Hacer ruido en medio de un ‘orden de silencio’

En tiempos en los que muchas veces se prefiere callar, o peor aún, enterrar el pasado para ir en busca del soñado “futuro mejor” que nos promete cada nuevo caudillo, es pertinente analizar aquella otra opción. Se preguntarán, ¿cuál? ¿qué mejor manera de avanzar que dejar lo pasado en el pasado? ¿No conviene mejor olvidarnos de todo y reconstruirnos desde cero? Y la respuesta que les propongo es un contundente: NO.

Esto de no discutir, no cuestionar, de barrer bajo la alfombra aquello que es incómodo puede resultar más fácil, menos conflictivo e incluso una medida evasora de una crisis. Pero, también constituye una condena a repetir, significa desentendernos de nuestro papel como sociedad y soltar las riendas que nos corresponden por definición; es dejar que cuenten y vivan la historia propia a nuestro nombre.

Pero, ¿qué hay de las represalias por pensar distinto? ¿Realmente queremos exponer la seguridad? ¿Y si se nos ordena el olvido y el silencio? ¿Somos capaces de resistirnos a un orden policial omnipotente? Realmente, ¿se puede? No soy periodista y si bien me da vida escribir, es una pasión que la vivo desde la banca, llena de libros y un diario en el bolsillo. Sin embargo, es esa fascinación por la literatura la que me ha permitido reconocer que es el antídoto infalible contra el olvido y la opresión; porque toca, remueve, estruja y despierta el alma. La literatura, grita.

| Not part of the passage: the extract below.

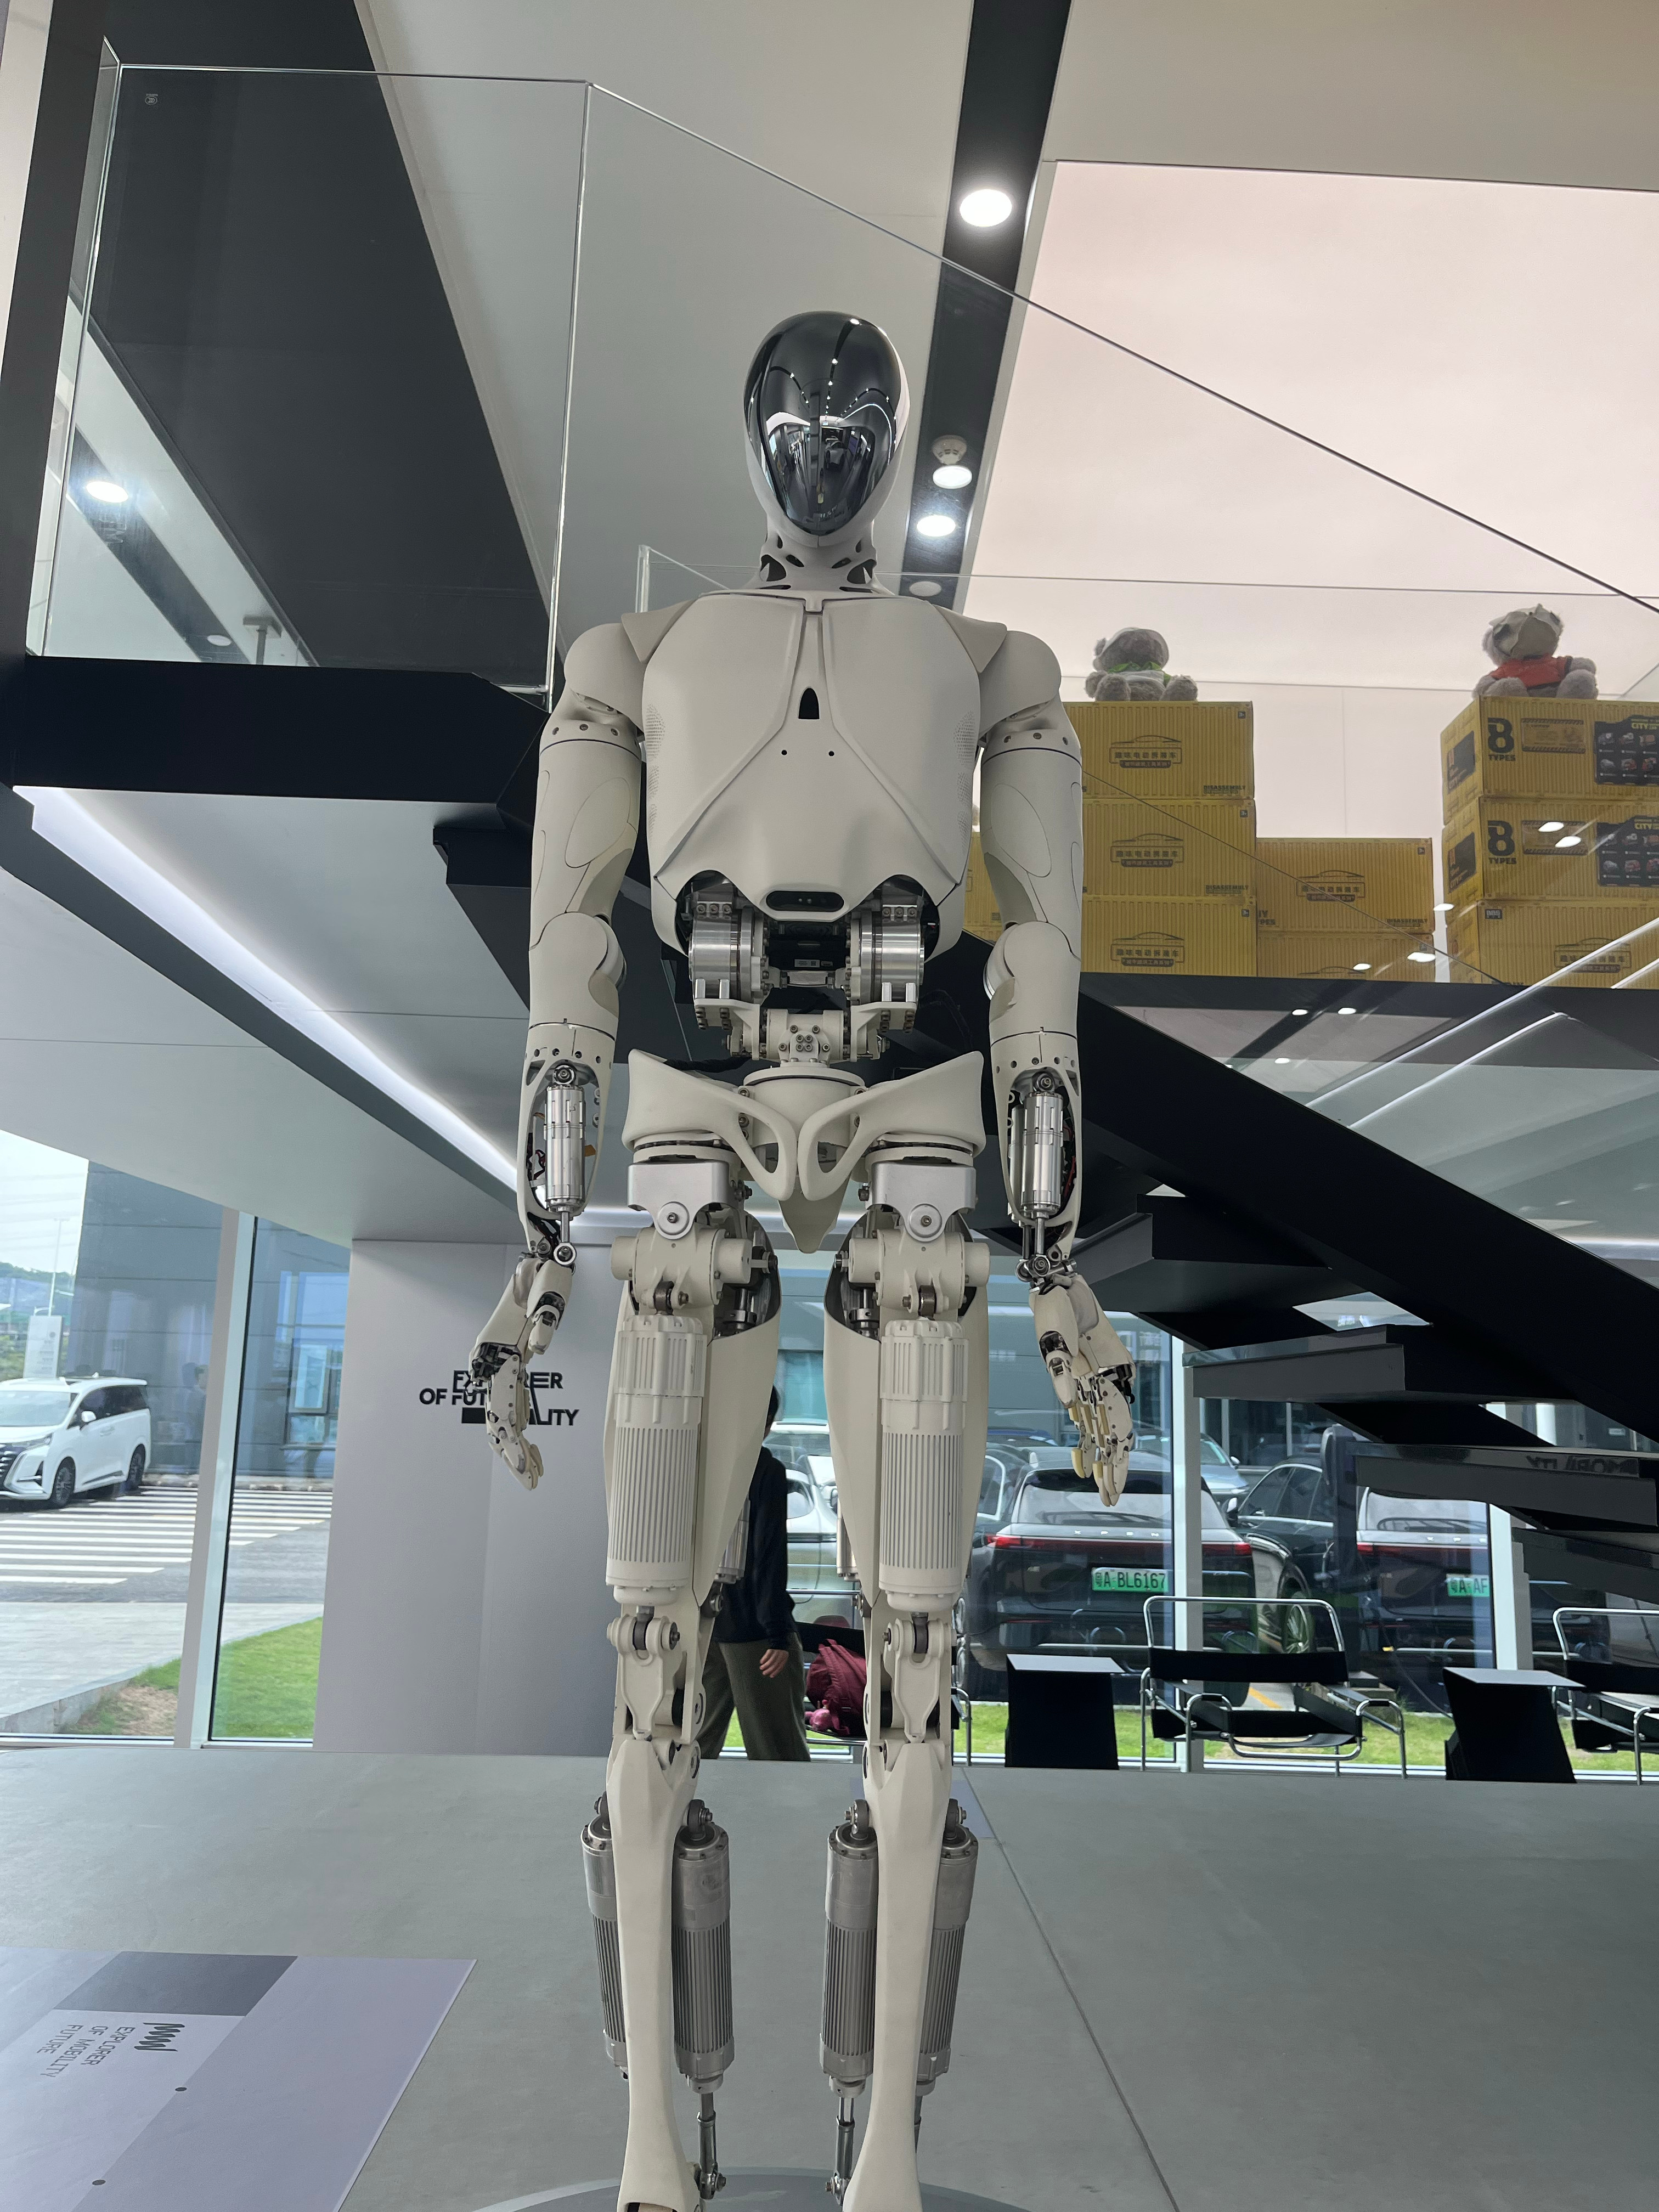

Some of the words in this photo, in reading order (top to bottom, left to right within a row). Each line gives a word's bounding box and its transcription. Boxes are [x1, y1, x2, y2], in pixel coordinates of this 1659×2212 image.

Por otro lado, el silencio es el estado de ausencia de todo sonido, de toda voz; es la ausencia de ruido. Este puede ser natural, introducido de manera armónica, pero también puede ser forzado. Hace aproximadamente 48 años, este último modo, fue el empleado por el gobierno priista[1] mexicano, cuando, frente al Movimiento Estudiantil de 1968, impusieron un mutismo del terror al masacrar alrededor de 300 estudiantes, que protestaban de manera pacífica en la Plaza de las Tres Culturas de Tlatelolco.

Forzar. Violentar. Irrumpir. Romper. Callar. Detener. Matar. Matar. Matar… Son los únicos comandos que probablemente debieron estar en la mente de aquellos que acabaron con la vida de un grupo de jóvenes que buscaba cambios; y que, a través de su voz de protesta, apelaban a la razón de un Estado, de un gobierno supuestamente pensado con el fin de velar por los derechos de la sociedad entera, pero que claramente hizo todo lo contrario.

Dentro de este ambiente de silencio, de un México “con calles limpias” pero con las manos pintadas del rojo de la sangre de las víctimas que se atrevieron a pensar diferente y a expresarlo, la literatura juega el papel de rendija a través de la que, aunque todo sigue siendo gris, entra la luz de la razón, un albor que alumbra aquello que el orden policial quiere en las penumbra, una luminaria que devela que “la historia oficial” no hace más que esconder debajo de la alfombra todo lo que no se quiere descubierto.

Los escritores Elena Poniatowska, Carlos Monsiváis y José Revueltas, son ejemplos de esa valentía que encarna la literatura. Cada uno a su manera, se rebela a través de su texto y sin miedo, se atreve a hacer un ruido que busca despertar al conglomerado social y lo invita a pensar, a considerar que no necesariamente la homogenización es el camino.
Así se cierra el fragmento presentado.